The cold and flu are a harsh reality of winter for many. Between October and March, about 5 to 20 percent of the U.S. population comes down with the flu, according to the CDC. Adults average about 2-3 colds per year and children have even more.
While we all know to wash our hands frequently and eat a healthy diet, to stay healthy it also helps to know the places where we’re most likely to pick up cold and flu causing bacteria and viruses in the first place.
Both cold and flu are contagious infections of the respiratory tract. Coughs and headaches are common to both. Congestion, sore throat and sneezing are associated with colds, while the flu brings tiredness, a high fever and an overall feeling of weakness in the body. A cold is milder than the flu, and one can’t turn into the other because they are completely different virus.
What they have in common is where you come in contact with them — doorknobs, desks, phones. You’re not even safe at home. The kitchen harbors tons of disease causing bacteria.
October is typically the beginning of cold and flu season, according to the CDC, so get ready. Know all the places you go that put you at risk.
If you own a smart phone, chances are you check it several times per hour, one study shows. This means that whatever else you’ve touched during the day is now on your phone. Take it to the bathroom? Drop it on the floor? Leave it on your desk? Even worse. Don’t think because it’s sleek and buttonless that bacteria can’t stick. Bacteria are all over your phone — waiting to make you sick.
When you’re sick, you should stay home. It makes sense — don’t get others sick. Just know that just because you’re home doesn’t mean you’re safe. The kitchen is one of the dirtiest places in the whole house because it gets the most traffic. Think about it. When’s the last time you sanitized your cabinets, draw handles or the faucet. Any place people touch that hasn’t been cleaned, builds up with bacteria.
Your work computer. A computer at a local library. A touch-screen food ordering kiosk. Anywhere that a lot of people are going to touch is likely to be loaded with disease spreading moisture droplets. Research shows that the average computer mouse is three times dirties than a toilet seat.
Anywhere with kids
If one kid is sick, the others will follow. Teachers try to show them healthy habits, but of course they’re not always practiced. Schools, daycare centers, indoor playgrounds, rides at the mall — if children are in close proximity, cold and flu viruses will follow.

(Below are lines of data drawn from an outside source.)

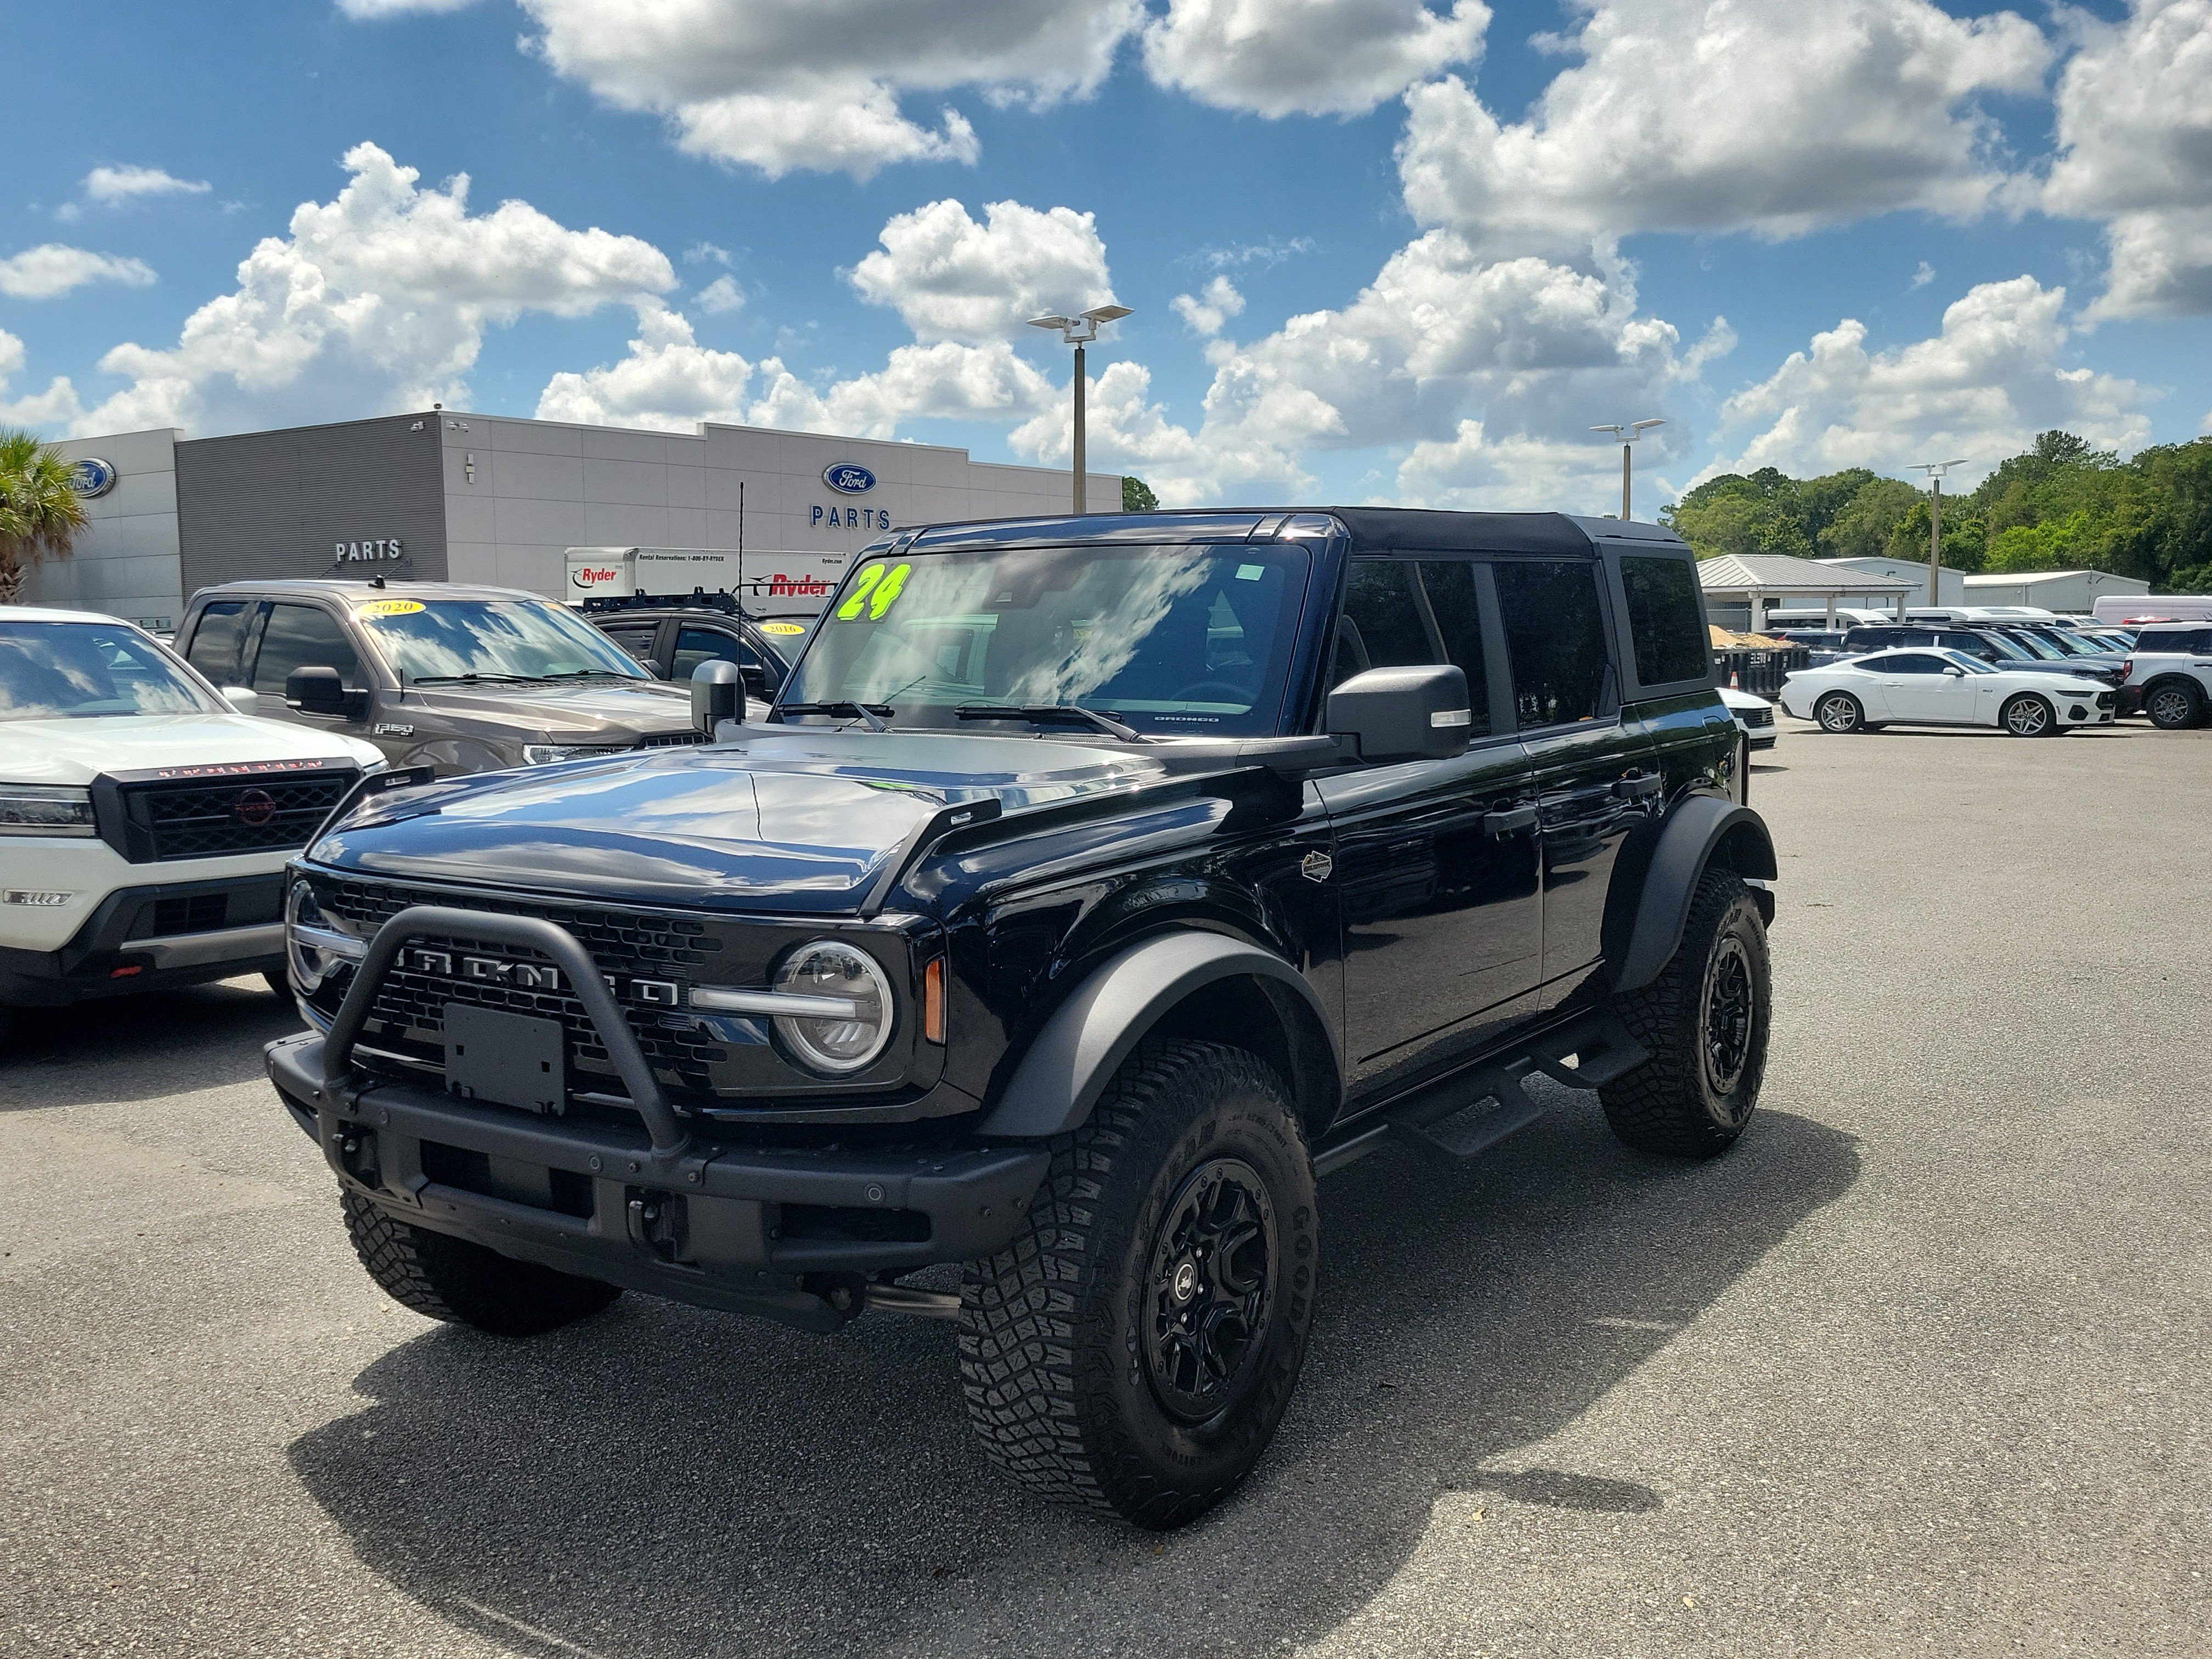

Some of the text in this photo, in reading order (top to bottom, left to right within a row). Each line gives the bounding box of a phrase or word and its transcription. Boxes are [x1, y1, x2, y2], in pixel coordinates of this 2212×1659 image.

[839, 470, 867, 488] Ford
[811, 505, 890, 531] PARTS
[336, 539, 400, 562] PARTS
[582, 567, 616, 584] Ryder
[771, 574, 830, 597] Ryder
[837, 563, 911, 620] 24
[372, 602, 413, 613] 2020
[769, 625, 796, 633] 2016
[397, 948, 679, 1006] RONO

Subways, buses and train stations. Germs and bacteria thrive in these rarely cleaned environments. Try not to touch any door handles, changes, poles or seats with your bare hands. If you use public transit regularly, keep antibacterial hand sanitizer in your bag and use it soon after exiting your stop or station.

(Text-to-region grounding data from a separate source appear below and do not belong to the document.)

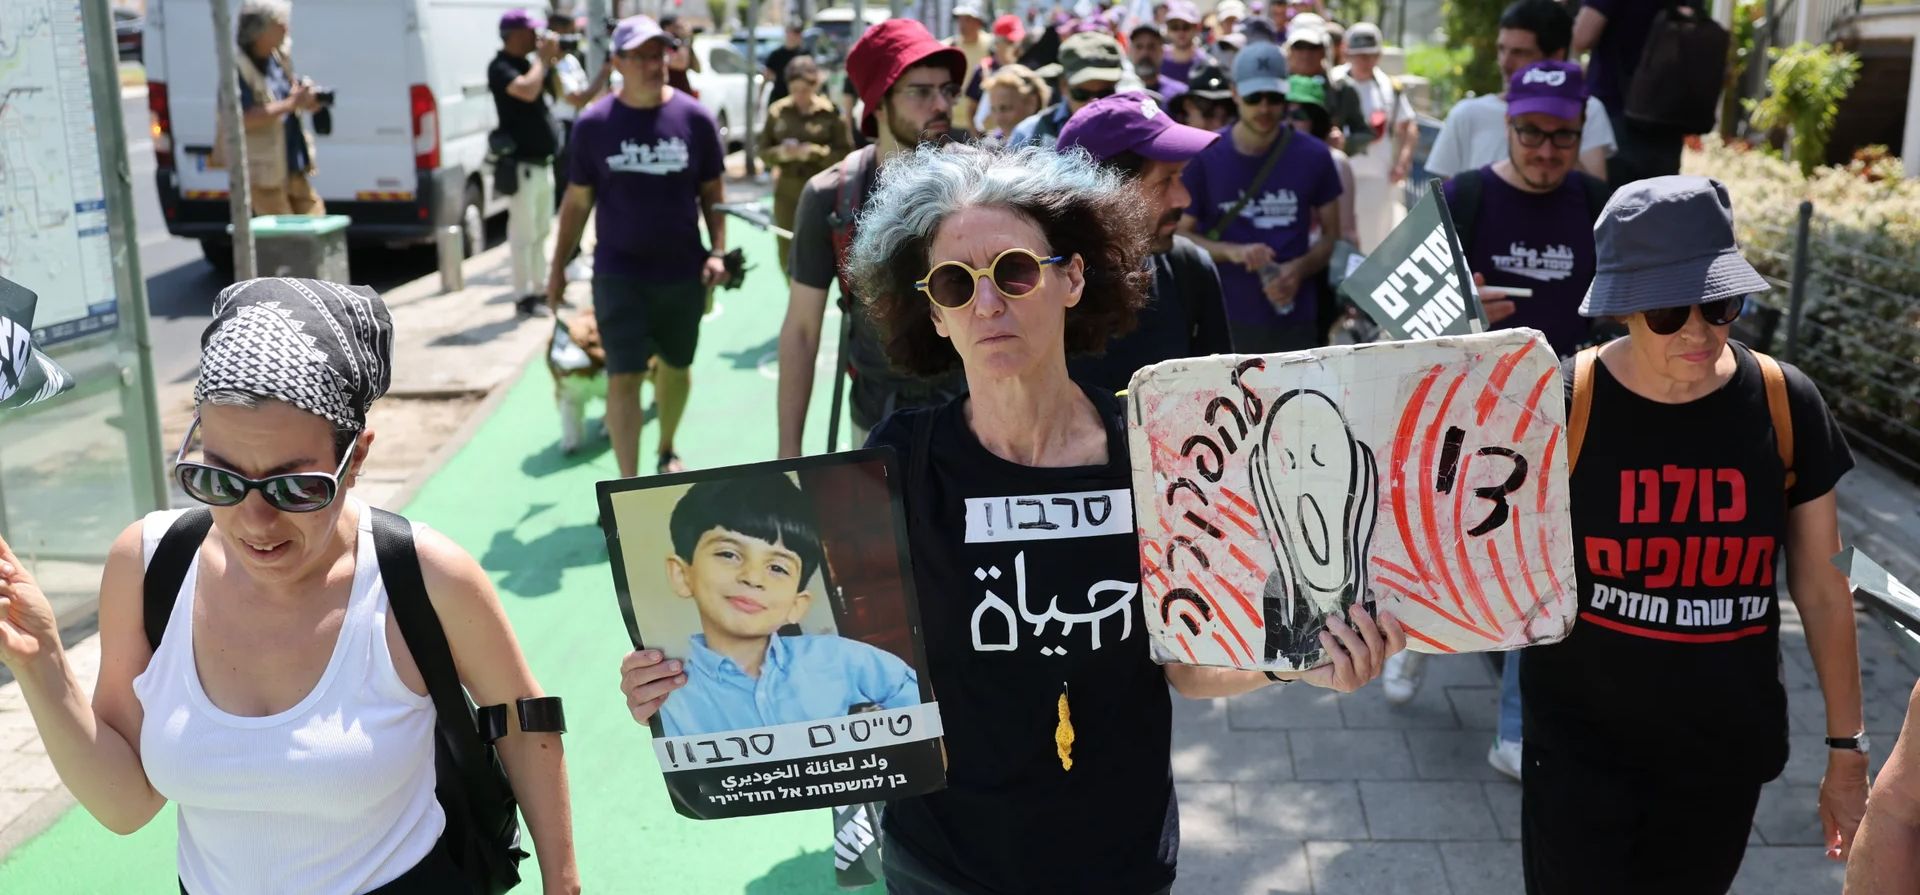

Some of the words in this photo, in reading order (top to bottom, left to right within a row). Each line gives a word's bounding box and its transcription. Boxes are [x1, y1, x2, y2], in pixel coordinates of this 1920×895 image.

[1370, 222, 1454, 320] סרבים
[1619, 465, 1747, 523] כולנו
[984, 495, 1112, 536] סרבו!
[1585, 536, 1775, 588] חטופים
[1590, 583, 1669, 623] חוזרים
[1676, 598, 1733, 626] שהם
[1739, 595, 1770, 621] עד
[665, 733, 775, 768] סרבו!
[860, 753, 888, 771] ولد
[721, 764, 799, 790] الخوديري
[805, 758, 855, 777] لعائلة
[887, 773, 907, 788] בן
[778, 785, 802, 799] אל
[807, 775, 883, 797] למשפחת

If you think about how many people stop by a busy ATM on a city street corner in a day, you’ll realize the likelihood that at least one of those people hasn’t washed their hands. If you’ve gone to an ATM, try not to touch your face or any food until you’ve visited a washroom.
Even when you try to practice good hygiene there are still hurdles. Most restrooms don’t get cleaned often, and most don’t get thoroughly scrubbed. Door handles, soap dispensers and paper towel dispensers are all ripe for bacteria.
Elevators and Escalators
Unless you need help maintaining balance, never touch the handrails of stairs and escalators in malls, airports or anywhere else. The are touched by countless people harboring cold and flu virus in between those rare — if ever — cleaning.
Anywhere in the mall
The mall attracts all types of people — especially during cold and flu season. People who still need gifts or are sale hunters will rarely stay home and miss out on saving money or show up empty handed on the holidays. Malls are overcrowded contagion zones. Be aware and wash your hands often, especially in the food court.
When you’re sick, stay home. Unfortunately, with non-refundable airline tickets on the line, many people will choose to fly with a cold or the flu. When a sick people sneezes, anyone within 6 feet of that person is at risk of infection. Wear a mask if you’re really diligent and defiantly don’t touch any surfaces the sick person has touched.
You may practice good hygiene at the water fountain, but that doesn’t mean other people do. A study found common drinking fountains harbor 2.7 million bacteria per square inch from people coughing, sneezing or spitting in or near the wet fountain. Carry your own water bottle and fill up before you leave the house.
At the doctor
It’s a room full of sick people. Of course there’s a high chance of catching a cold. All of those doorknobs, tables, pens and clipboards you come in contact with will be the same ones dozens of other sick people have touched today.